• Prompt: An exact restatement of all the data is required, with the pictures left out.

# # #

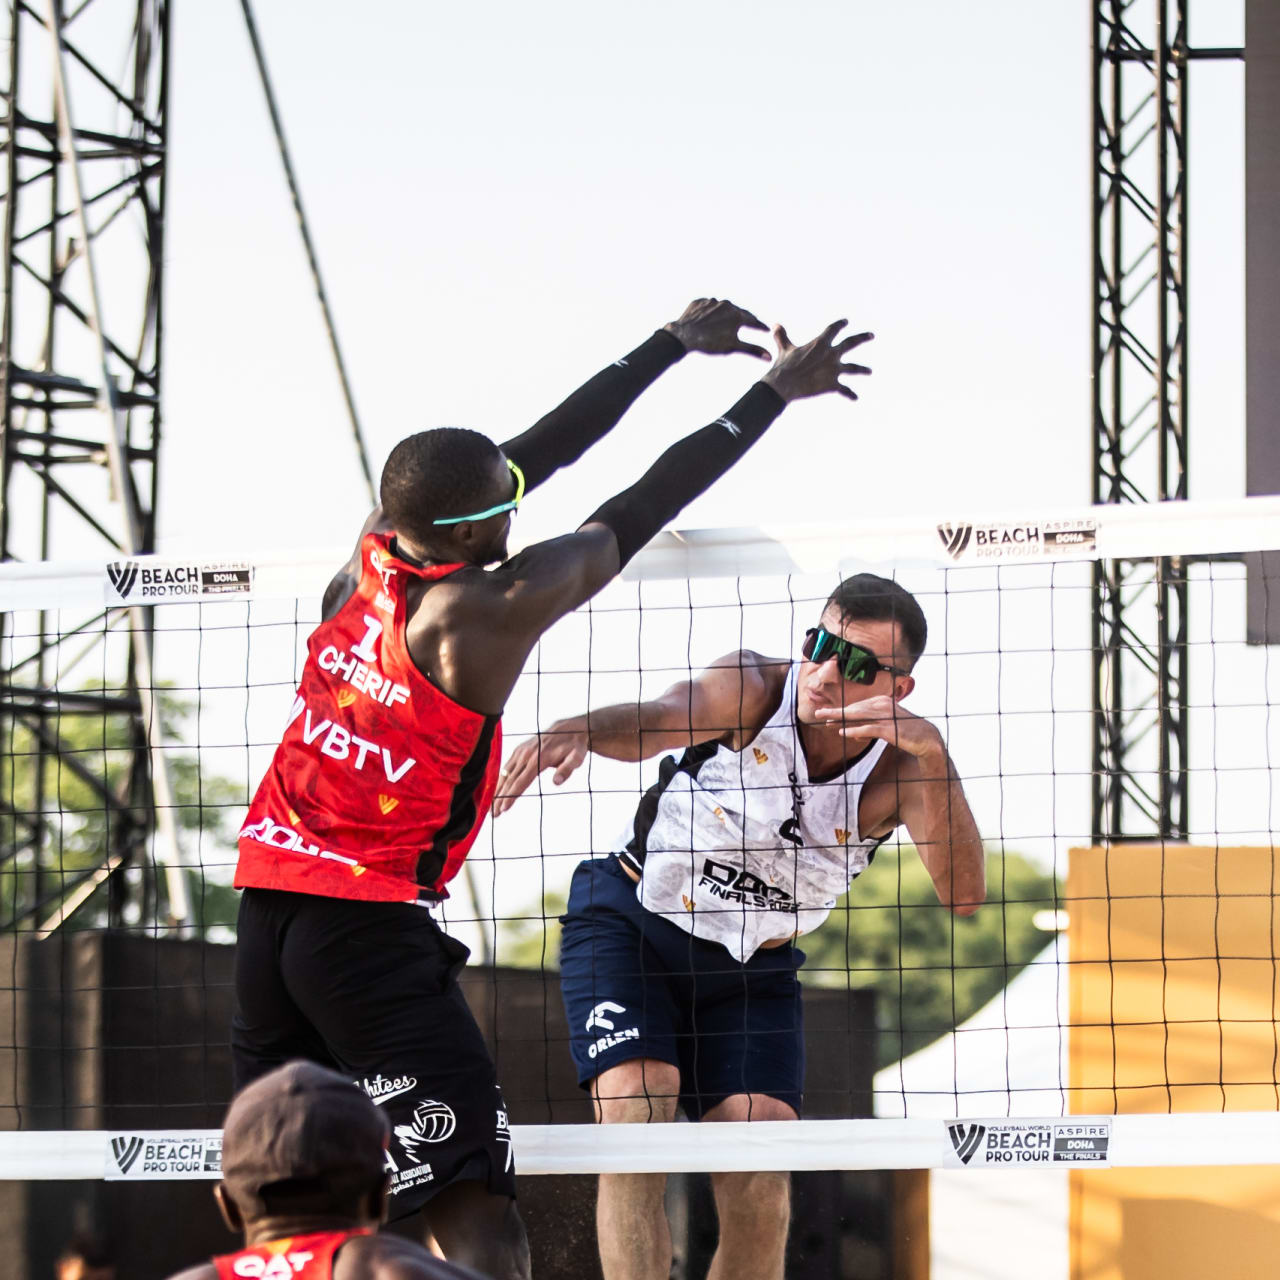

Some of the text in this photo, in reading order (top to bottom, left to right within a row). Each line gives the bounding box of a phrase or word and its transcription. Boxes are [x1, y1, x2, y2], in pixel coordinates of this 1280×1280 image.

[976, 527, 1039, 546] BEACH
[141, 567, 199, 584] BEACH
[142, 584, 199, 597] PRO TOUR
[350, 614, 383, 663] 1
[318, 646, 411, 708] CHERIF
[302, 709, 417, 784] VBTV
[699, 876, 766, 908] FINALS
[588, 1027, 640, 1058] ORLEN
[987, 1132, 1051, 1149] BEACH
[1067, 1140, 1095, 1150] DOHA
[145, 1145, 203, 1160] BEACH
[986, 1150, 1049, 1162] PRO TOUR
[143, 1162, 167, 1172] PRO
[170, 1161, 201, 1172] TOUR

# # #

• Written answer:
Some of the text in this photo, in reading order (top to bottom, left to right within a row). Each line gives the bounding box of a phrase or word and its transcription. Boxes are [x1, y1, x2, y2], in pixel coordinates of this 1280×1280 image.

[976, 527, 1039, 546] BEACH
[141, 567, 199, 584] BEACH
[142, 584, 199, 597] PRO TOUR
[350, 614, 383, 663] 1
[318, 646, 411, 708] CHERIF
[302, 709, 417, 784] VBTV
[699, 876, 766, 908] FINALS
[588, 1027, 640, 1058] ORLEN
[987, 1132, 1051, 1149] BEACH
[1067, 1140, 1095, 1150] DOHA
[145, 1145, 203, 1160] BEACH
[986, 1150, 1049, 1162] PRO TOUR
[143, 1162, 167, 1172] PRO
[170, 1161, 201, 1172] TOUR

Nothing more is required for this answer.